→ BRIEF
Leave out the pictures, and retype the remaining data exactly.

→ DATA
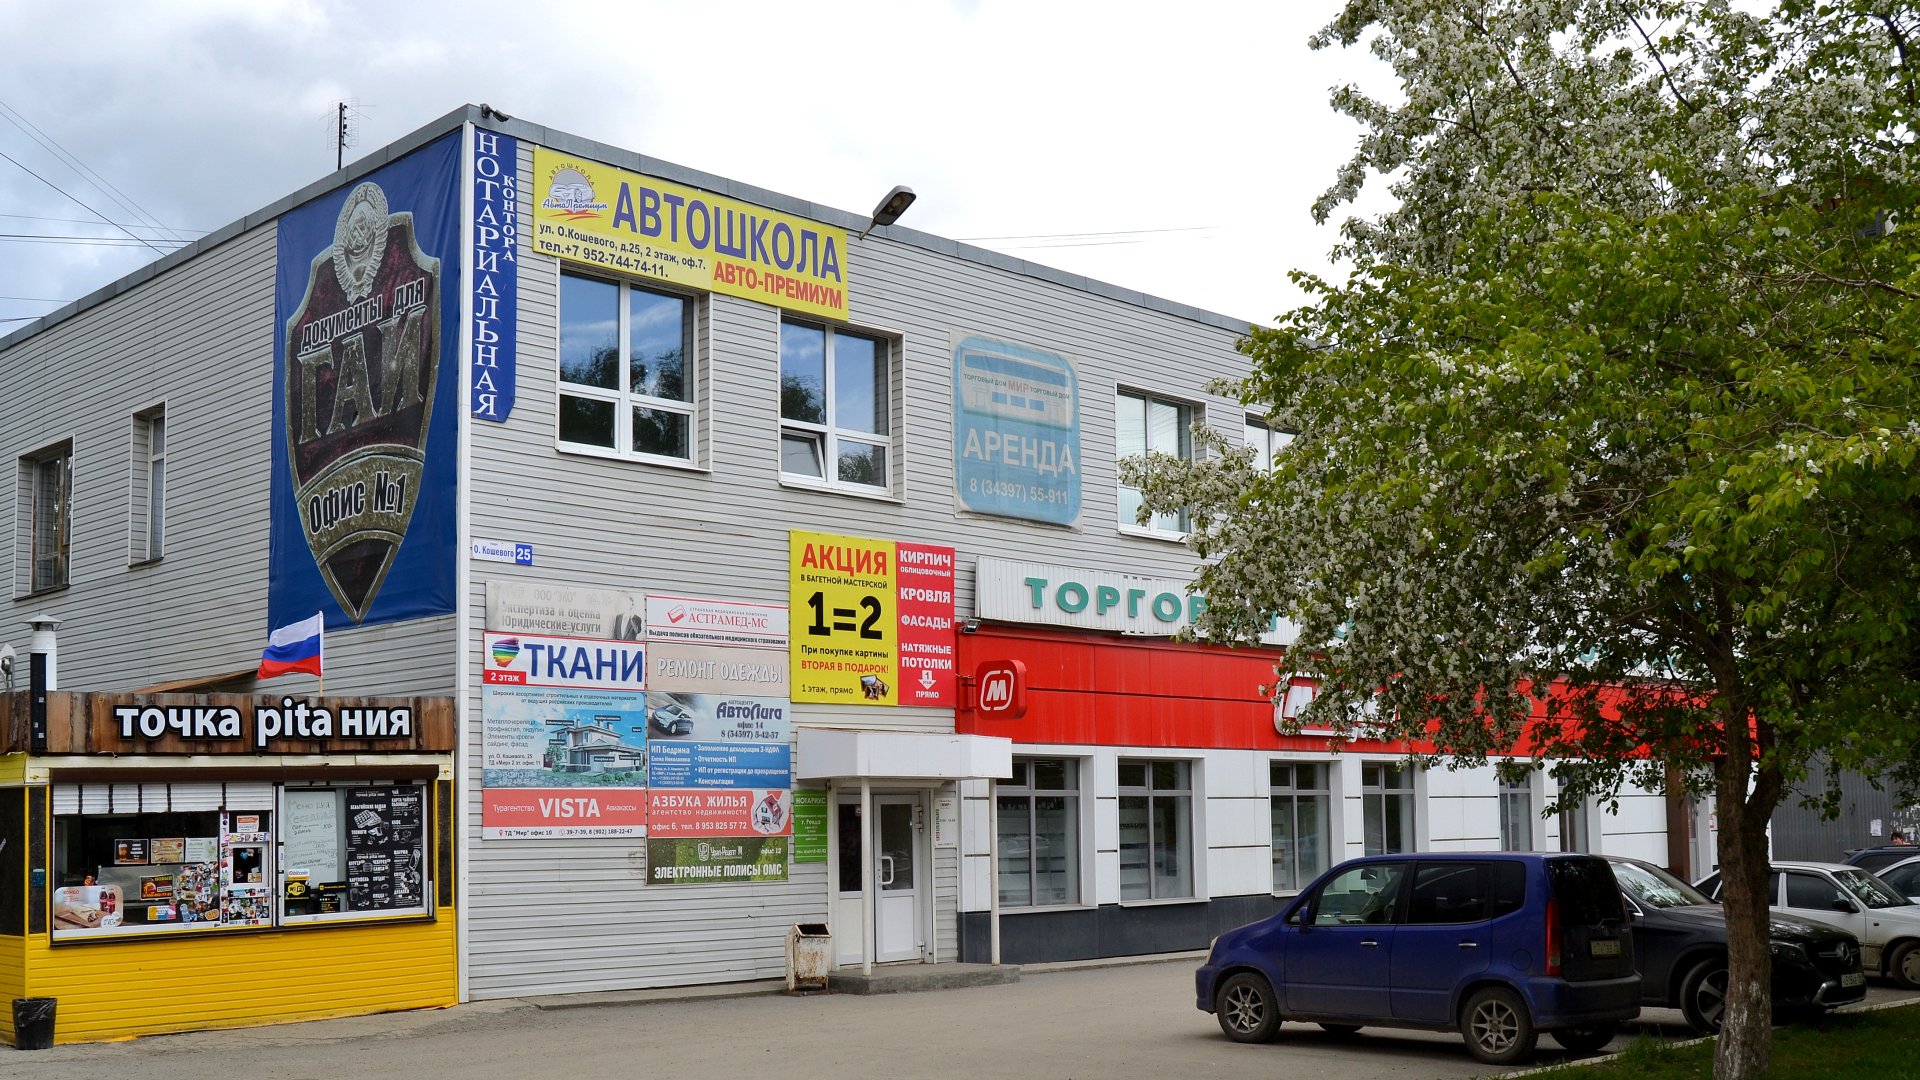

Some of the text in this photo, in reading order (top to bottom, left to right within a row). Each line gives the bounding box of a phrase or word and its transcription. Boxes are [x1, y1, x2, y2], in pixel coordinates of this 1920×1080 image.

[549, 163, 595, 186] АВТОШКОЛА
[543, 198, 608, 212] АвтоПремиум
[503, 175, 515, 262] КОНТОРА
[612, 181, 842, 283] АВТОШКОЛА
[539, 224, 706, 270] ул. О.Кошевого, д.25, 2 этаж, оф.7.
[539, 240, 669, 277] тел.+7 952-744-74-11.
[475, 131, 500, 416] НОТАРИАЛЬНАЯ
[713, 260, 842, 310] АВТО-ПРЕМИУМ
[297, 305, 427, 444] ГАИ
[964, 374, 993, 385] ТОРГОВЫЙ
[994, 379, 1007, 387] ДОМ
[1008, 380, 1029, 393] МИР
[1030, 387, 1058, 398] ТОРГОВЫЙ
[963, 428, 1076, 477] АРЕНДА
[969, 478, 1068, 505] 8 (34397) 55-911
[309, 471, 407, 535] Офис №1
[474, 544, 515, 557] О. Кошевого
[516, 548, 531, 561] 25
[900, 550, 950, 567] КИРПИЧ
[801, 543, 887, 577] АКЦИЯ
[900, 566, 950, 578] ОБЛИЦОВОЧНЫЙ
[806, 574, 842, 585] БАГЕТНОЙ
[843, 578, 888, 589] МАСТЕРСКОЙ
[900, 588, 950, 604] КРОВЛЯ
[570, 622, 601, 633] услуги
[688, 612, 769, 628] АСТРАМЕД-МС
[901, 614, 951, 630] ФАСАДЫ
[801, 645, 889, 659] При покупке картины
[901, 642, 952, 655] НАТЯЖНЫЕ
[523, 643, 643, 683] ТКАНИ
[657, 657, 783, 683] РЕМОНТ ОДЕЖДЫ
[801, 660, 889, 674] ВТОРАЯ В ПОДАРОК!
[901, 657, 952, 669] ПОТОЛКИ
[490, 672, 520, 683] 2 этаж
[924, 672, 930, 680] 1
[802, 684, 853, 695] 1 этаж, прямо
[916, 691, 939, 699] ПРЯМО
[116, 708, 241, 737] точка
[720, 730, 726, 738] 8
[651, 745, 661, 754] ИП
[493, 804, 535, 813] Турагентство
[539, 798, 600, 818] VISTA
[652, 795, 747, 807] АЗБУКА ЖИЛЬЯ
[652, 823, 669, 831] офис
[671, 822, 678, 830] 6,
[695, 822, 700, 830] 8
[701, 822, 714, 830] 953
[715, 822, 728, 830] 825
[729, 822, 737, 830] 57
[739, 822, 747, 830] 72
[654, 863, 782, 879] ЭЛЕКТРОННЫЕ ПОЛИСЫ ОМС

→ EXPECTED ANSWER
Some of the text in this photo, in reading order (top to bottom, left to right within a row). Each line gives the bounding box of a phrase or word and its transcription. Boxes are [x1, y1, x2, y2], in pixel coordinates of this 1920×1080 image.

[549, 163, 595, 186] АВТОШКОЛА
[543, 198, 608, 212] АвтоПремиум
[503, 175, 515, 262] КОНТОРА
[612, 181, 842, 283] АВТОШКОЛА
[539, 224, 706, 270] ул. О.Кошевого, д.25, 2 этаж, оф.7.
[539, 240, 669, 277] тел.+7 952-744-74-11.
[475, 131, 500, 416] НОТАРИАЛЬНАЯ
[713, 260, 842, 310] АВТО-ПРЕМИУМ
[297, 305, 427, 444] ГАИ
[964, 374, 993, 385] ТОРГОВЫЙ
[994, 379, 1007, 387] ДОМ
[1008, 380, 1029, 393] МИР
[1030, 387, 1058, 398] ТОРГОВЫЙ
[963, 428, 1076, 477] АРЕНДА
[969, 478, 1068, 505] 8 (34397) 55-911
[309, 471, 407, 535] Офис №1
[474, 544, 515, 557] О. Кошевого
[516, 548, 531, 561] 25
[900, 550, 950, 567] КИРПИЧ
[801, 543, 887, 577] АКЦИЯ
[900, 566, 950, 578] ОБЛИЦОВОЧНЫЙ
[806, 574, 842, 585] БАГЕТНОЙ
[843, 578, 888, 589] МАСТЕРСКОЙ
[900, 588, 950, 604] КРОВЛЯ
[570, 622, 601, 633] услуги
[688, 612, 769, 628] АСТРАМЕД-МС
[901, 614, 951, 630] ФАСАДЫ
[801, 645, 889, 659] При покупке картины
[901, 642, 952, 655] НАТЯЖНЫЕ
[523, 643, 643, 683] ТКАНИ
[657, 657, 783, 683] РЕМОНТ ОДЕЖДЫ
[801, 660, 889, 674] ВТОРАЯ В ПОДАРОК!
[901, 657, 952, 669] ПОТОЛКИ
[490, 672, 520, 683] 2 этаж
[924, 672, 930, 680] 1
[802, 684, 853, 695] 1 этаж, прямо
[916, 691, 939, 699] ПРЯМО
[116, 708, 241, 737] точка
[720, 730, 726, 738] 8
[651, 745, 661, 754] ИП
[493, 804, 535, 813] Турагентство
[539, 798, 600, 818] VISTA
[652, 795, 747, 807] АЗБУКА ЖИЛЬЯ
[652, 823, 669, 831] офис
[671, 822, 678, 830] 6,
[695, 822, 700, 830] 8
[701, 822, 714, 830] 953
[715, 822, 728, 830] 825
[729, 822, 737, 830] 57
[739, 822, 747, 830] 72
[654, 863, 782, 879] ЭЛЕКТРОННЫЕ ПОЛИСЫ ОМС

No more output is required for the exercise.